Jerry picked up the ball and ran with it: “Also, a man who lives right down the road from the summer house and immediately adjacent to the Zion Hill Cemetery. But how would he have known about the Lily look-alikes?”
“I don’t know. That’s one piece I’m missing. But I do have another piece: if he was working on the angel statues, he would have been a familiar figure around the church, and might even have had his own set of keys.”
“At the least, he would have known that he could find a key to the undercroft in the key cabinet,” Jerry said.
“He wouldn’t have had access to the meat cleaver, but maybe we’re placing too much emphasis on that,” she said. “Isn’t it the kind of implement that can readily be purchased anywhere?”
“Yeah, it is,” Jerry agreed.
“I had written him off as a harmless eccentric with a skull fetish, but I should have known better,” Charlotte said. “The only groups I know of that share his obsession with skulls are the Hell’s Angels and the Nazis.”
“And phrenologists,” Jerry added. “And deadheads.”
“Deadheads?” Charlotte asked.
“Followers of the Grateful Dead,” he explained, naming the well-known rock group. “One of my daughters happens to be one.” Then he continued: “But what would his motive have been?”
“He wasn’t just obsessed with skulls, he was obsessed with a particular skull.
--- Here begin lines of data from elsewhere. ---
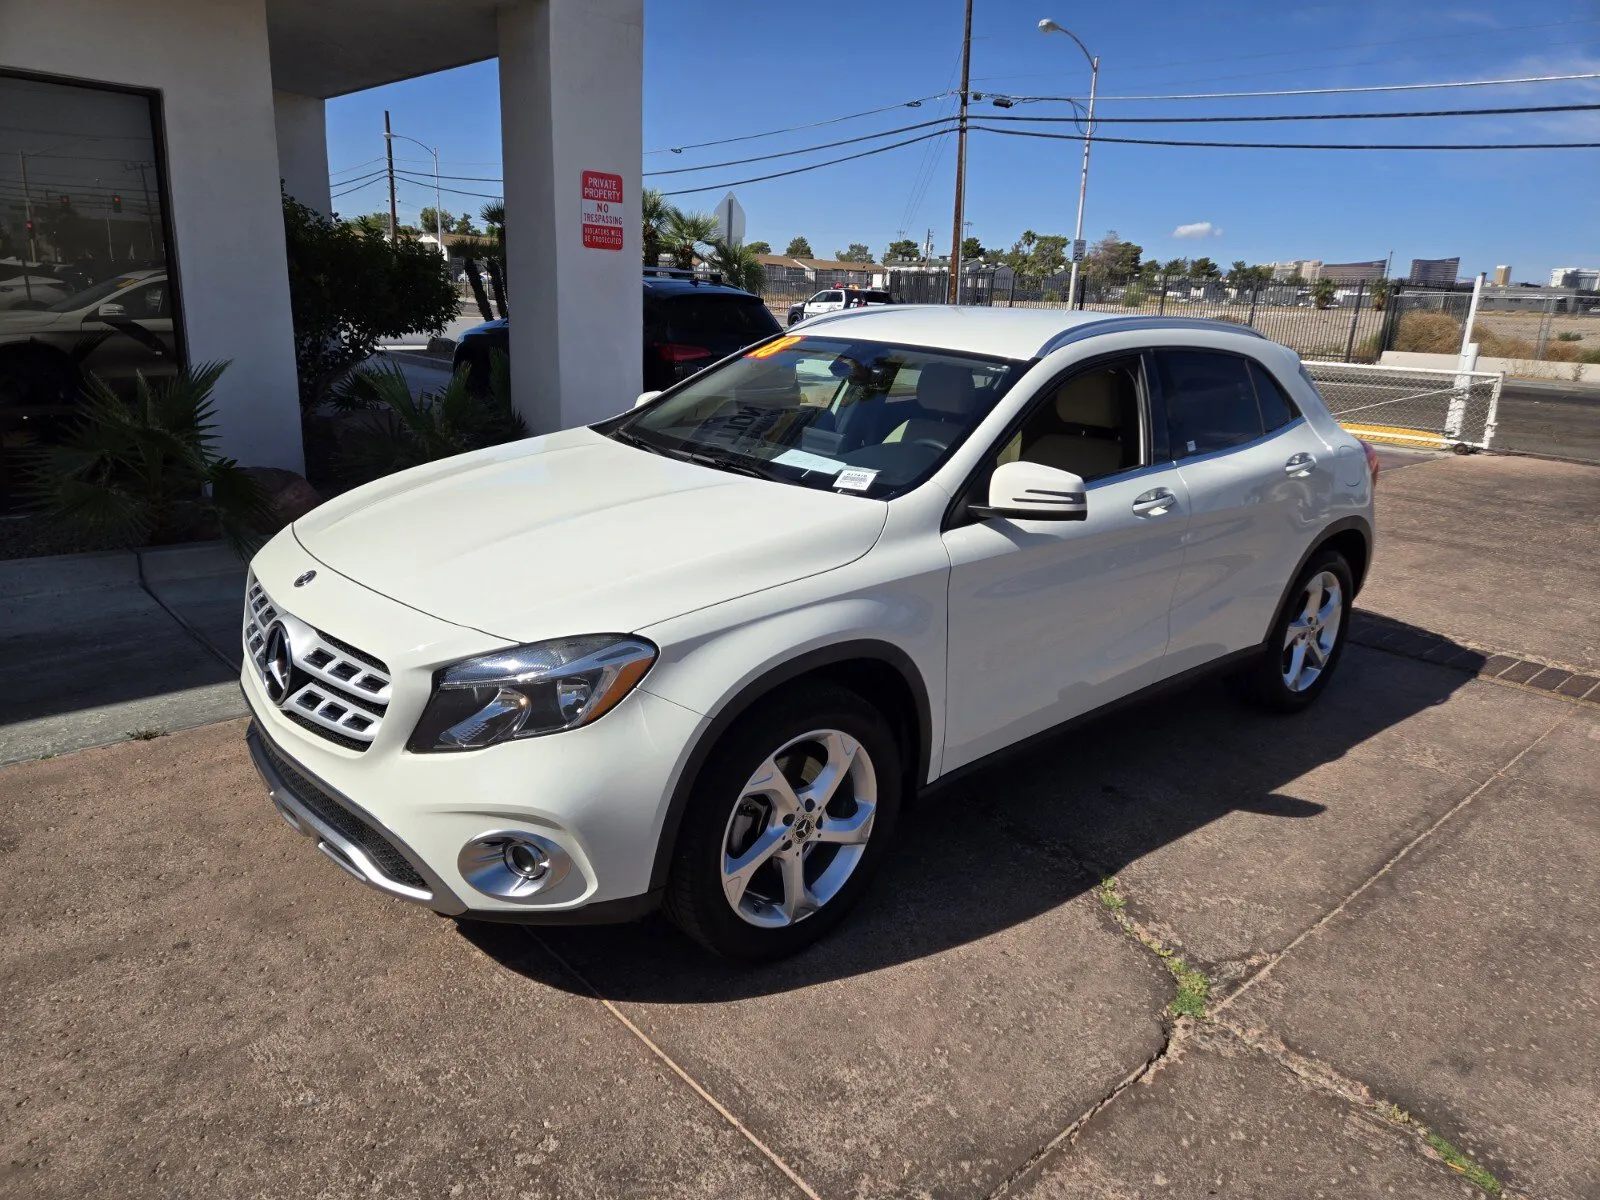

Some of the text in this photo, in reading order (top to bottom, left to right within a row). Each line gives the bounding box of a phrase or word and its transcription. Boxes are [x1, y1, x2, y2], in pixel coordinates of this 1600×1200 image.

[588, 177, 617, 190] PRIVATE
[584, 187, 621, 201] PROPERTY
[596, 202, 609, 213] NO
[583, 212, 623, 226] TRESPASSING
[592, 235, 622, 245] PROSECUTED
[1073, 252, 1084, 261] 25
He said it himself: two generations of Listers have been obsessed with the same face, and by extension, the skull.”
“‘All my life I have dreamt one dream alone,’” Jerry said, quoting Lister, who had in turn been quoting Rossetti.
“Exactly,” she said. “He’s been sculpting that face his entire life. By killing the Lily look-alikes, he could add four skulls of the face he prized above all others to his collection.”
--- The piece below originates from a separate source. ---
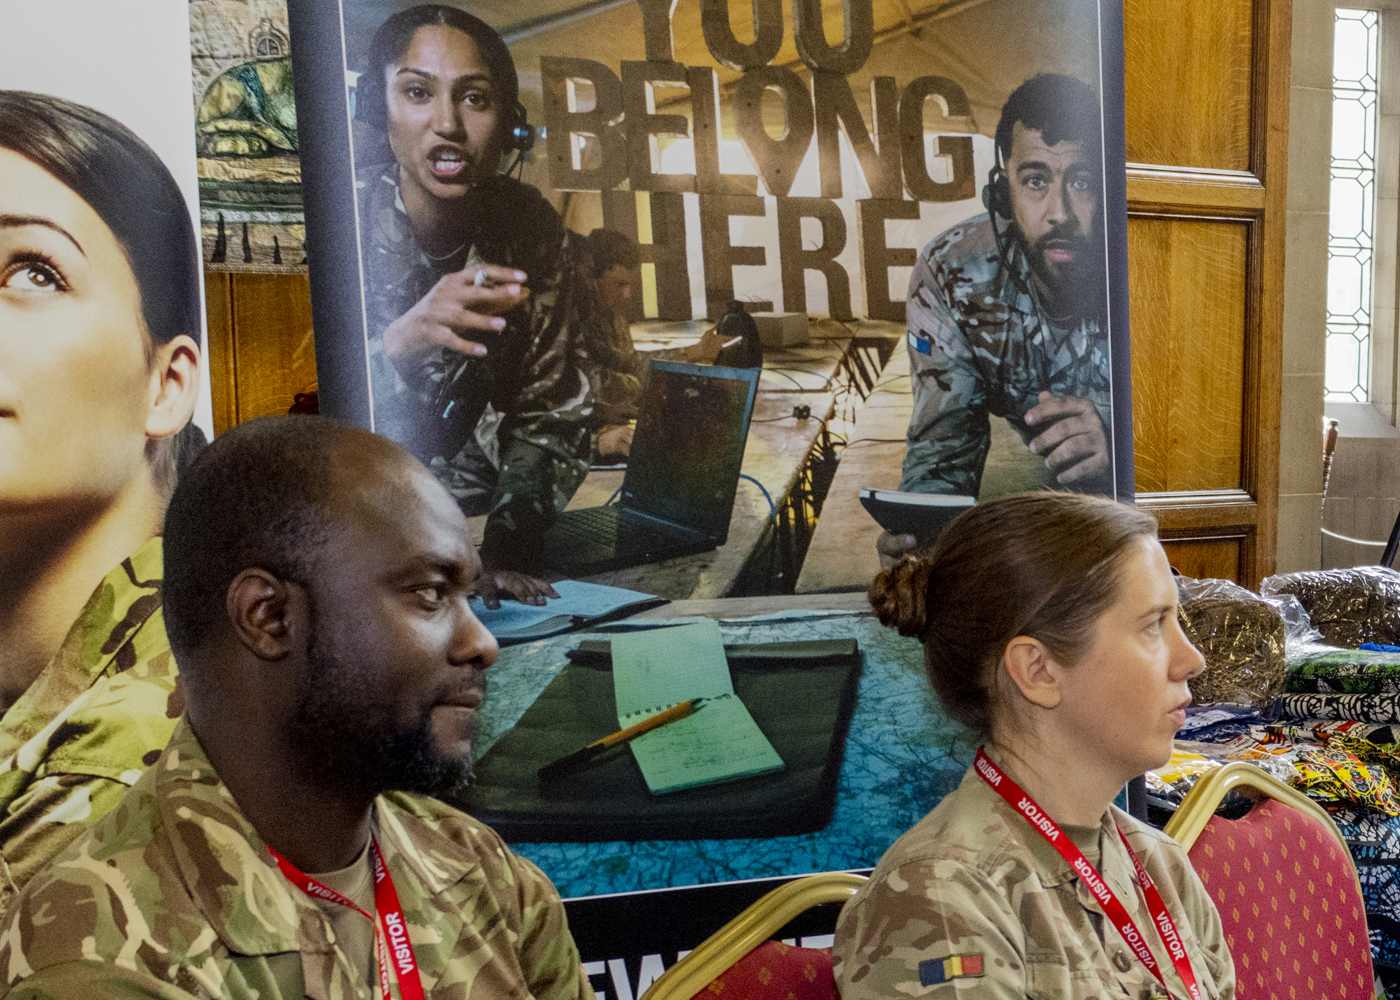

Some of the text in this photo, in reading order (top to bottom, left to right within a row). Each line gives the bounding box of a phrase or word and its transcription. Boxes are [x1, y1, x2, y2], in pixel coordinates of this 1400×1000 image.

“Numbers 503 through 506 in his Phrenological Cabinet,” Jerry said. “And he would have had the added thrill of doing the soft tissue reconstructions. The recomposer of the decomposed.”
“Decomposed by him,” Charlotte said.
“But if the skulls of Lily’s look-alikes were the prizes of his collection, why dispose of them in the cemeteries?”
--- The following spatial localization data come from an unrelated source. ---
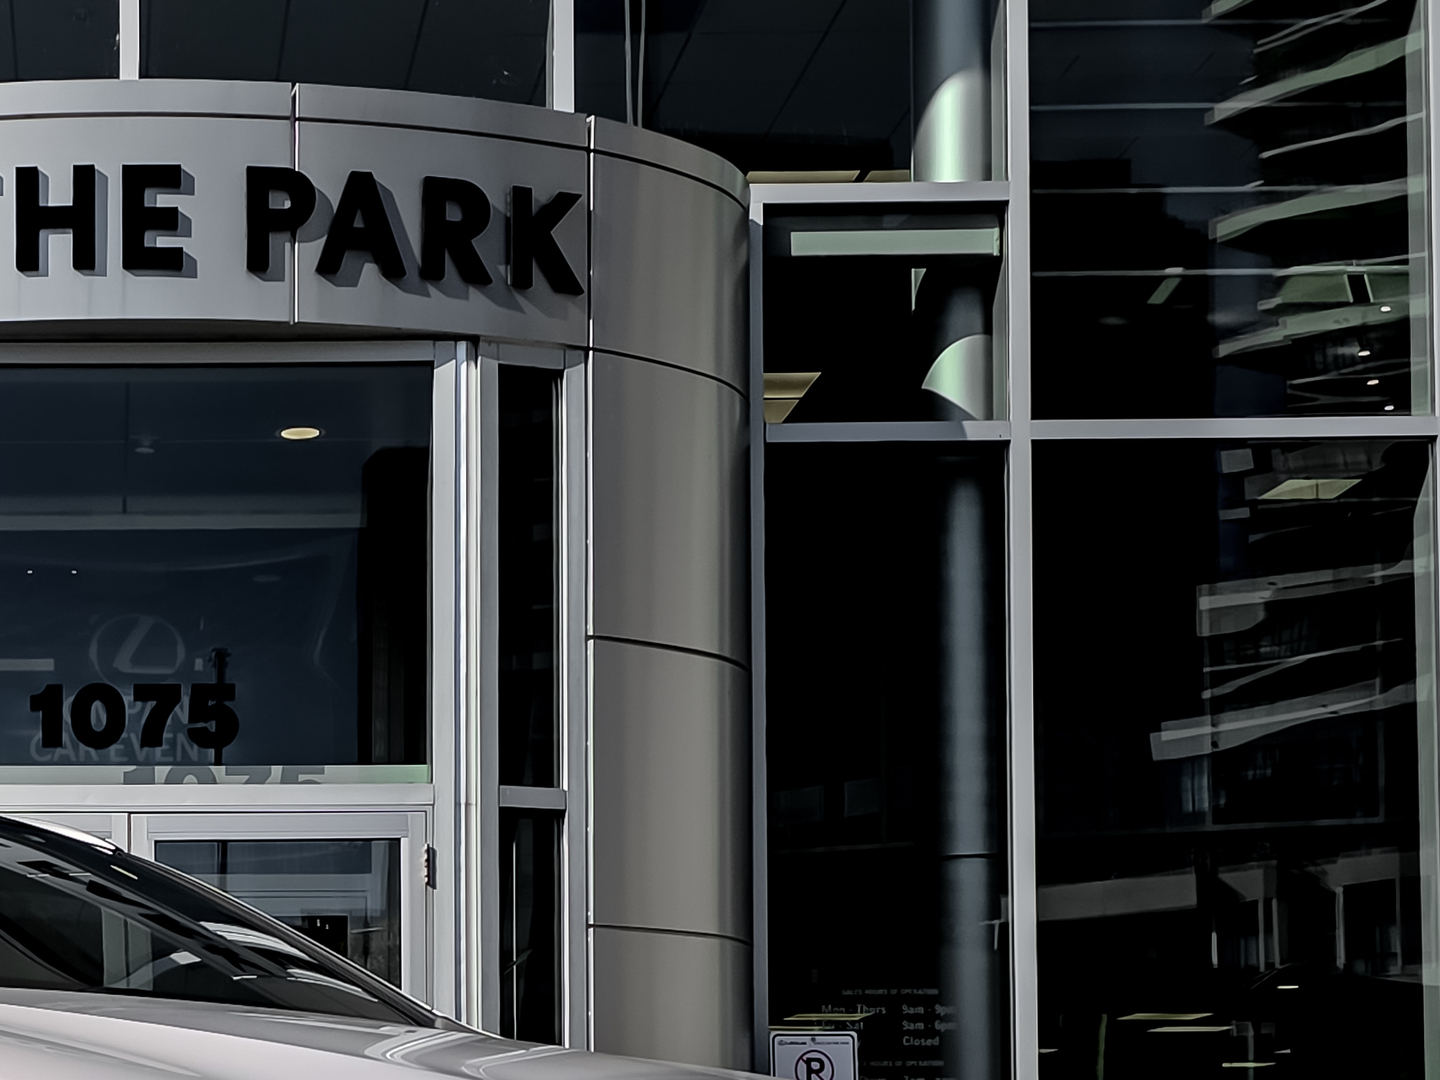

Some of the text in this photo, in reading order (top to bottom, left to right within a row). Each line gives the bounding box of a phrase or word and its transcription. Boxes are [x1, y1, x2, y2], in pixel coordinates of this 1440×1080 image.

[246, 164, 585, 296] PARK
[30, 682, 240, 749] 1075
[29, 732, 100, 762] CAR
[901, 1003, 925, 1015] 9am
[902, 1035, 940, 1047] Closed
“To show off,” she said. “To taunt the police. Look what I’ve done. Nah nah. Besides, he didn’t need to hoard the skulls. He knew you’d be bringing them back, and that he’d be making casts of them.”
“I always thought he was out there.”
“Out there is right. Like on Alpha Centauri. What about his fascination with the skull of the doctor who dismembered his wife? Besides, he looks the part,” she said, remembering what he had said about anatomy being destiny.
“Aren’t you pushing it a bit?” Jerry said. “If all murderers looked like murderers, I wouldn’t be in business.”
“Okay,” she conceded. “But what about all the vases of lilies of the valley in his living room? Another taunt. Isn’t it typical that they become emboldened the longer they go without getting caught?”
For a moment there was silence on the phone as Jerry considered what Charlotte was telling him.
“Has he ever had a normal consensual relationship with a woman?”
“I don’t know. I’ve never seen him with a woman, or heard him speak about a woman.” Then he said: “I don’t think we can arrest him. We’ve made that mistake already. But we can keep a close eye on him.”
“I think that would be a good idea,” Charlotte said. Then she wished him a good night’s sleep and said goodbye.
After breakfast the next morning, Charlotte got ready to head back up the Saw Mill River Parkway to Zion Hill. She was like a theatergoer at a Shakespearian tragedy who has sat patiently through the first four acts: she was damned if she was going to miss out on the climax now, even if it did mean spending a day hanging around the police station. Maybe Jerry could post her at a little graveyard somewhere to keep her busy. As she got dressed, she wondered if anything had happened since her middle-of-the-night telephone call to Jerry. She thought of giving him a call, and then decided against it. She would find out soon enough. Besides, he would have called her if they had caught the perpetrator in the act of depositing the skull.